Editor’s Note: At Mailman, we have the privilege of welcoming some of the best interns to work with us from time to time. In this series, we listen in on how some of our interns go about making sense of China, social media, and more. In this piece, Jordan takes a look at the popular (and sometimes dangerous) WeChat Walkie Talkie feature.
When I arrived in China the first item on my agenda was to create an account on WeChat. Since I didn’t have a Chinese SIM card, this was my sole means of communication with my family back home, my new friends here in China, and all the important contacts in my school exchange program. I immediately began to use it in the same manner I used iMessage or SMS back in the US.

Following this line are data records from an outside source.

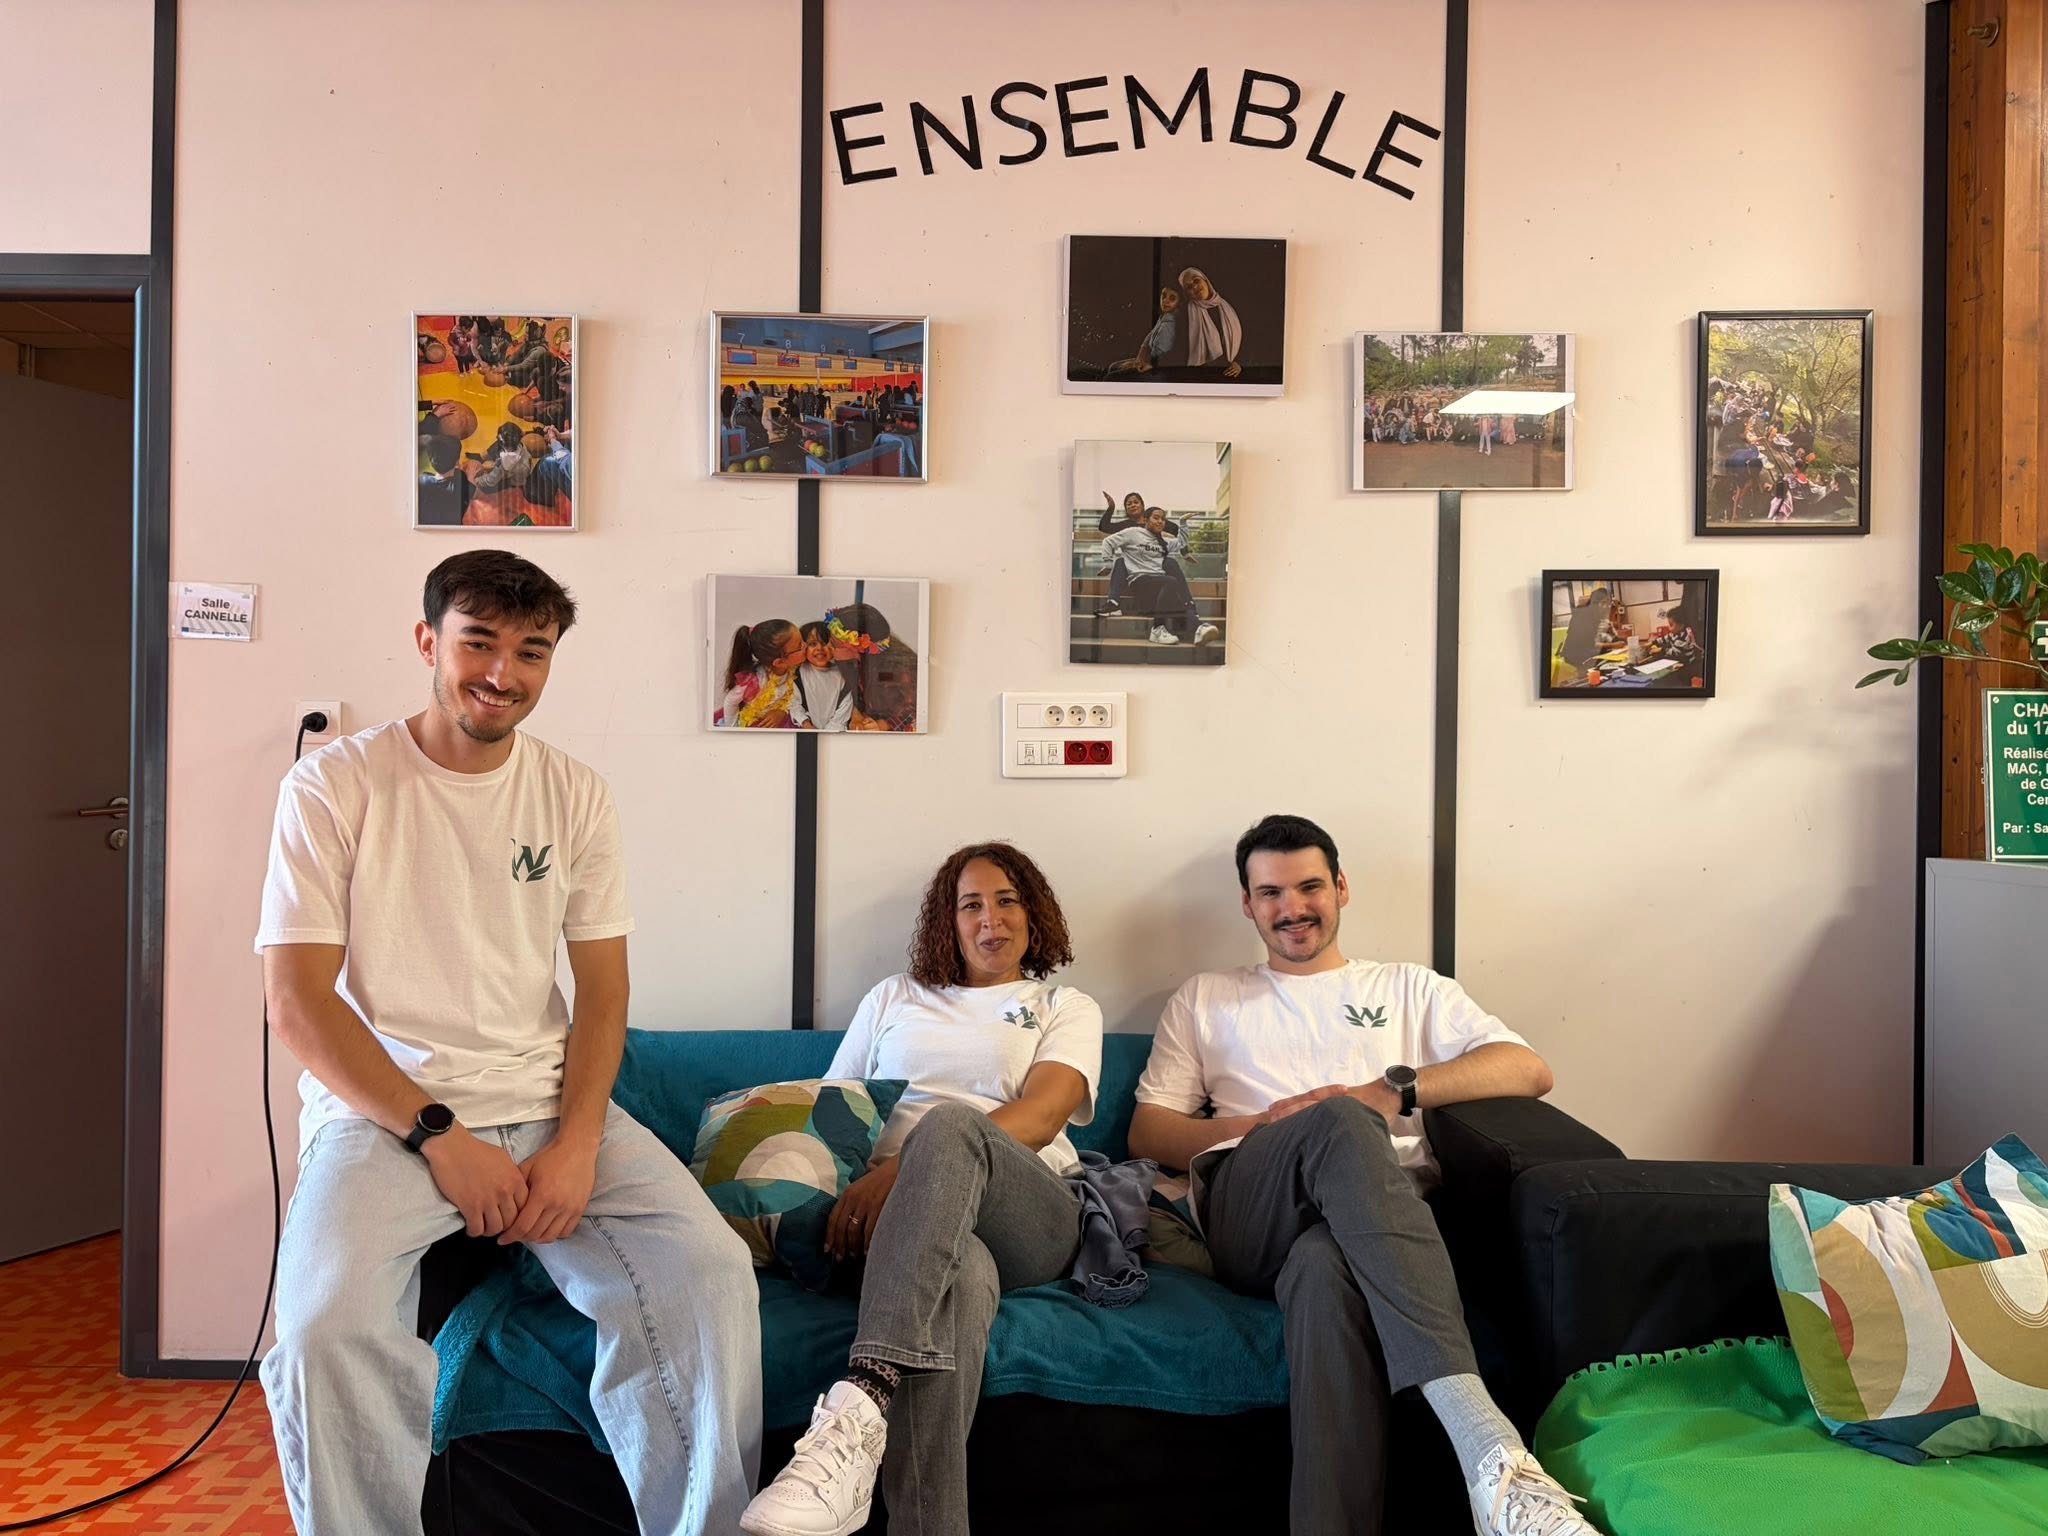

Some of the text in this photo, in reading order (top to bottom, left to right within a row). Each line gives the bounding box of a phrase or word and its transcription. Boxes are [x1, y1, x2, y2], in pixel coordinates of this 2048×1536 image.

[829, 66, 1441, 200] ENSEMBLE
[201, 598, 231, 609] Salle
[184, 609, 248, 623] CANNELLE
[2006, 720, 2028, 735] du
[2007, 762, 2042, 776] MAC,
[2021, 778, 2037, 790] de
[2002, 822, 2023, 833] Par
[2033, 822, 2048, 833] Sa

Soon I noticed a trend within the local WeChat users. Instead of typing out their messages in text format they used the application to send short voice messages back and forth. Curious, I asked my Chinese friend why she and her contacts preferred this method of communication.
She answered: “It’s so much easier!” as though it should have been obvious to me. I still didn’t understand. Text messages had virtually replaced phone calls in my friend group back home, which had to mean they were the best way to communicate right?
She elaborated, telling me all the reasons voice messages are superior to old fashioned texting:
Holding down one button and saying a quick thought takes less time and effort than typing a grammatically correct message. This may not seem like a difficult task, but for someone who is ill, tired, or not at their full mental capacity it can mean the difference between communicating and a jumble of nonsensical words.
Texting has led to a loss of social interaction in some communities. By allowing WeChat members to hear each other’s voices they’ve created a form of communication that maintains the non-immediacy of texting without the loss of interaction. This helps express emotions more easily and prevent miscommunications. Additionally it provides verification that the messages sent from your account are in fact you and not a hacker.
When I asked my friend how WeChat voice messages were different from calling she pointed out the difference in cost. WeChat doesn’t cost any money to download and uses WiFi whenever available to limit data usage. This allows users to buy cheaper mobile plans that include data but not calling capabilities.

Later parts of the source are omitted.